Eyebrow shrugged. “I’ll just go and get her a glass of water,” she said at last.
A moment later, Laura heard the detective call out, not from the kitchen, but from the bathroom. “Sir, do you want to come through here a minute?”
The bald one got up, and as he did, Laura felt a wave of panic rise, chasing the laughter clean out of her chest. She said, “Hang on a minute, I didn’t say you could go through there,” but it was too late. She followed them to the threshold of the bathroom, where Eyebrow stood, pointing first at the sink, where Laura had left the watch (the one belonging, unmistakably, to Daniel Sutherland, his initials engraved on the back), and then to Laura’s bloodstained T-shirt, scrunched in a ball in the corner of the room.
“I cut myself,” Laura said, her face burning red, “I told you that. I cut myself when I climbed through the window.”
“You did tell us that,” Egg said. “Do you want to tell us about the watch, too?”
“I took it,” Laura said sullenly, “obviously. I took it. But it’s not what you think. I just did it to piss him off. I was going to . . . I don’t know, throw it in the canal, tell him to go fetch. But then I . . . I don’t know, I thought it might mean something, you know, when I saw the engraving on the back and I thought, like, what if his mother had given it to him before she died or whatever and it was irreplaceable? I was going to give it back to him.”

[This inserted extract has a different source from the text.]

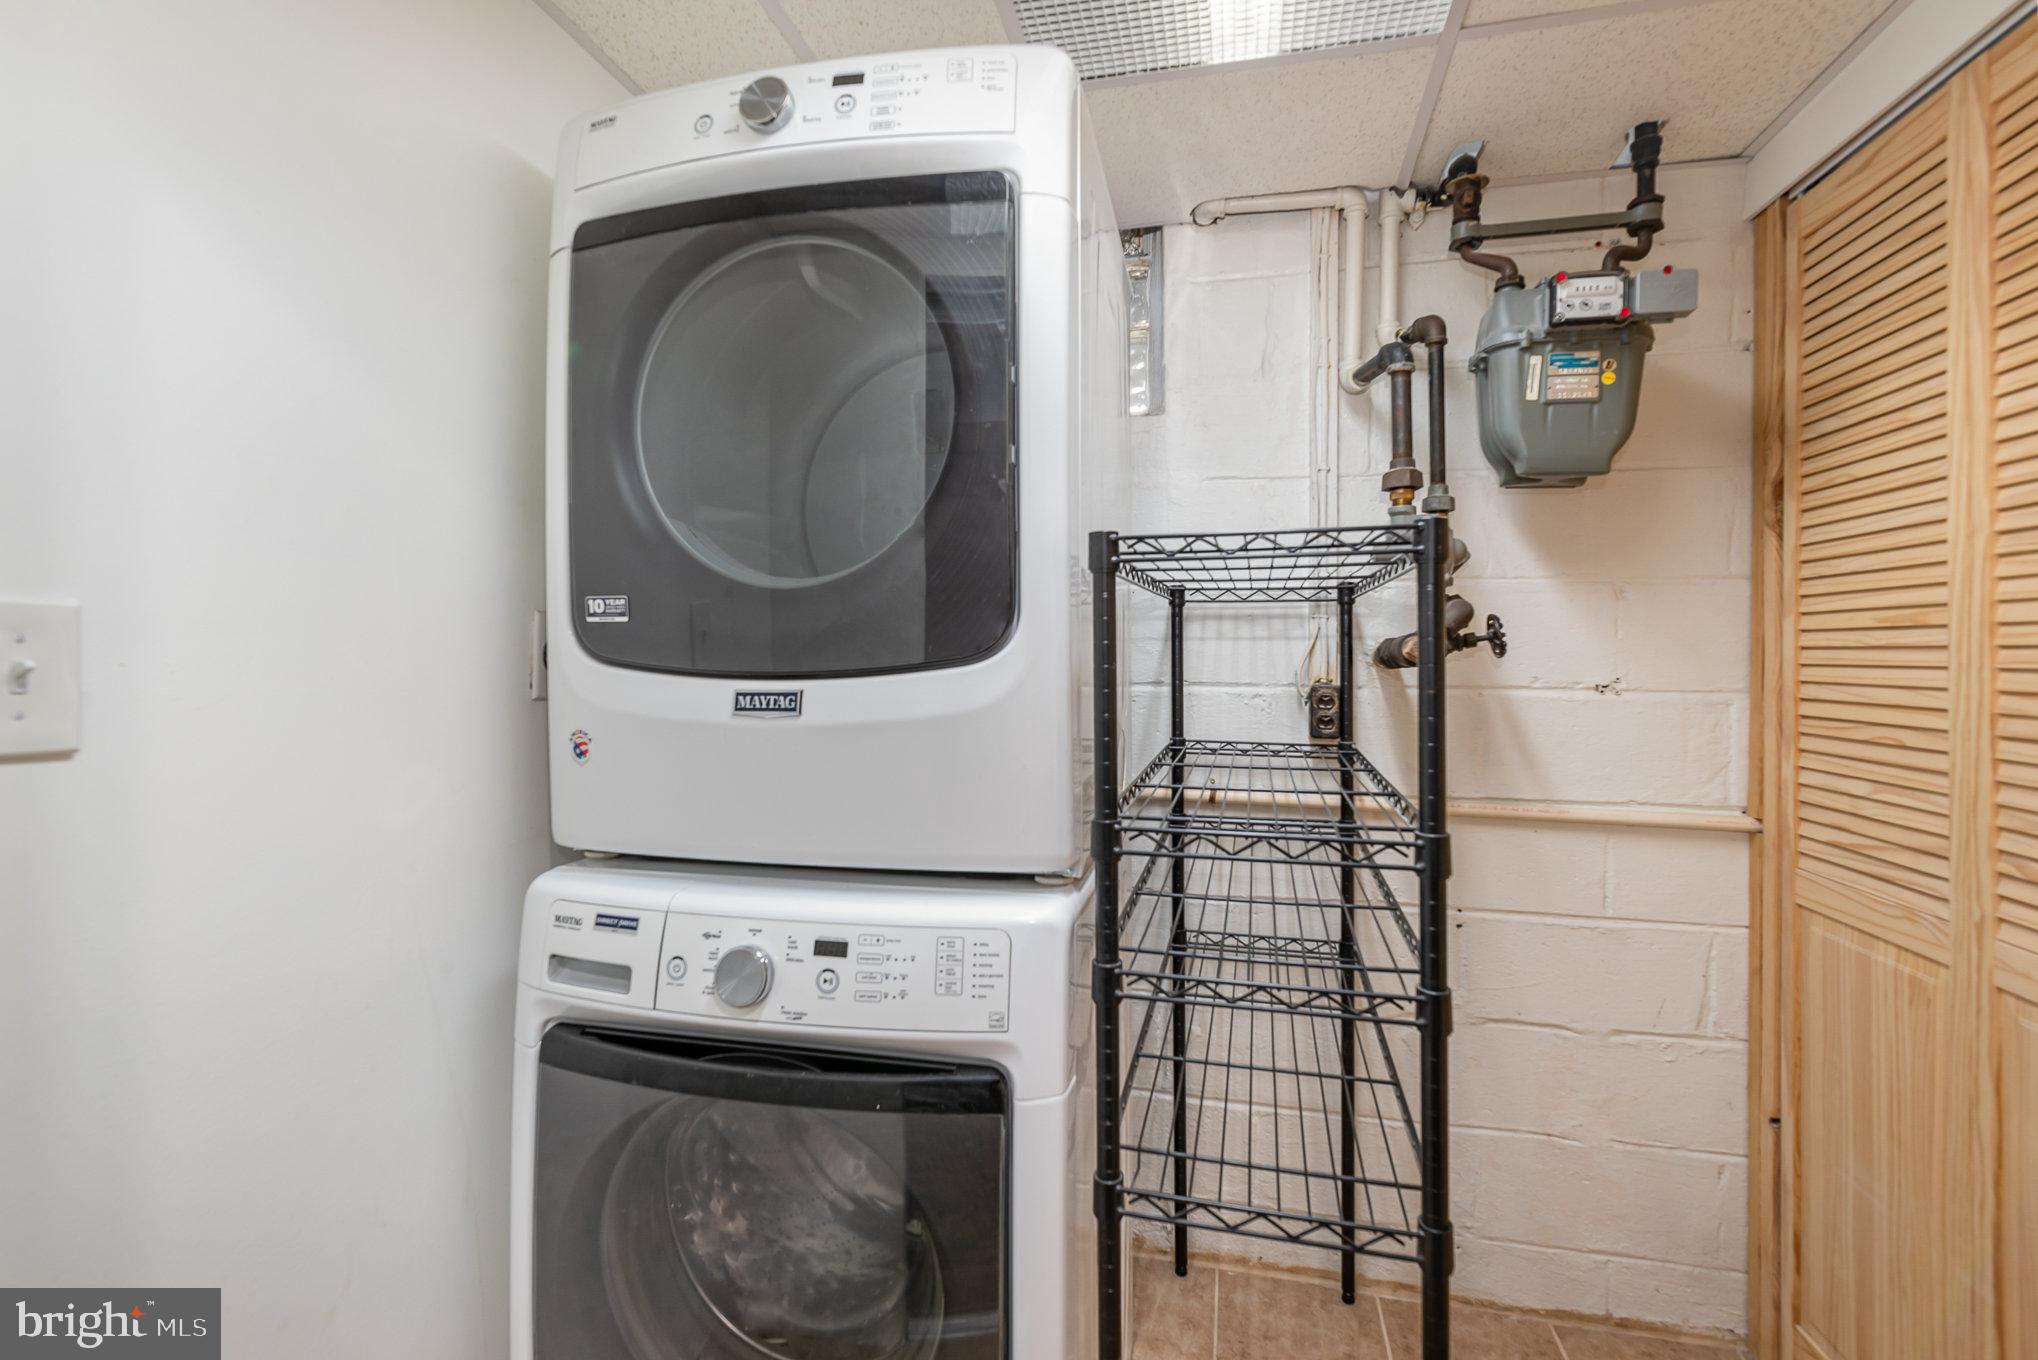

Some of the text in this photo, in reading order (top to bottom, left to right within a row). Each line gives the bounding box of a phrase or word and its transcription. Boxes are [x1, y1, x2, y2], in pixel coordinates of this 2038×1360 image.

[587, 599, 605, 613] 10
[605, 598, 626, 606] YEAR
[736, 695, 796, 709] MAYTAG

Egg looked at her sadly, as though he had some very bad news, which in a way he did. “What’s going to happen now,” he said, “is that we’re going to take you over to the police station to answer some more questions. You’ll be answering questions under caution, you understand what that means? That you have the right to remain silent if you wish to, you don’t have to answer the questions. There will be a solicitor there if you like, to explain it to you. And we’re also going to take some samples from you, for comparison with what was found at the scene.”
“Samples? What does that mean?”
“An officer at the station will scrape under your fingernails, comb your hair for fibers, that sort of thing. It’s nothing invasive, nothing to worry about.”
“What if I don’t want to?” Laura’s voice quavered. She wanted someone to help her and she couldn’t think who it was she should call. “Can I say no?”
“It’s all right, Laura.” Eyebrow’s voice turned soothing. “It’s all very simple and easy; there’s nothing to be frightened of.”
“That’s a lie,” Laura said. “You know that’s a lie.”
“The other thing we’re going to do,” Egg said, “is apply for a warrant to search your home, and I’m sure you realize that under the circumstances we’re not going to have any trouble getting one, so if there’s anything else you think we need to know about, it’d be a good idea to tell us now, okay?”
Laura considered the question. She tried to think whether there was anything she should tell them, but her mind was a blank. Eyebrow was talking to her, touching her arm, and she flinched. “Your clothes, Laura? Can you show us what you were wearing on Friday night?”
Laura plucked random items of clothing from the floor in her room. She handed them a pair of jeans, which she may or may not have been wearing, she flung a bra in their general direction. She went to the loo, leaving the two of them in the hallway, Egg’s head bent down to listen to whatever it was Eyebrow was saying. Laura paused at the bathroom door, heard the woman mutter something about engraved and something odd and not really all there, is she?
Sitting on the loo, her knickers around her ankles, Laura smiled ruefully to herself. She’d been called worse. Not all there? Not all there was nothing, not all there was pretty much a compliment by comparison to all the other things she’d been called over the years: mong, freak, spaz, cabbage, retard, nutter.
Fucking psycho was what Daniel Sutherland had called her, when she’d gone for him, properly gone for him, kicking, punching, clawing at him. He grabbed her, digging his thumbs into the flesh of her upper arms. “You fucking psycho, you . . . crazy bitch.”
It all turned so fast. One moment she was lying there on his bed smoking a cigarette and the next she was on the towpath with blood on her face and his watch in her pocket. As the detectives escorted her down seven flights, Laura wondered how she could tell them the truth of the thing, that she’d taken the watch out of spite, yes, but strangely out of hope too. She’d wanted to punish him, but she’d also wanted to give herself an excuse to return, to see him again.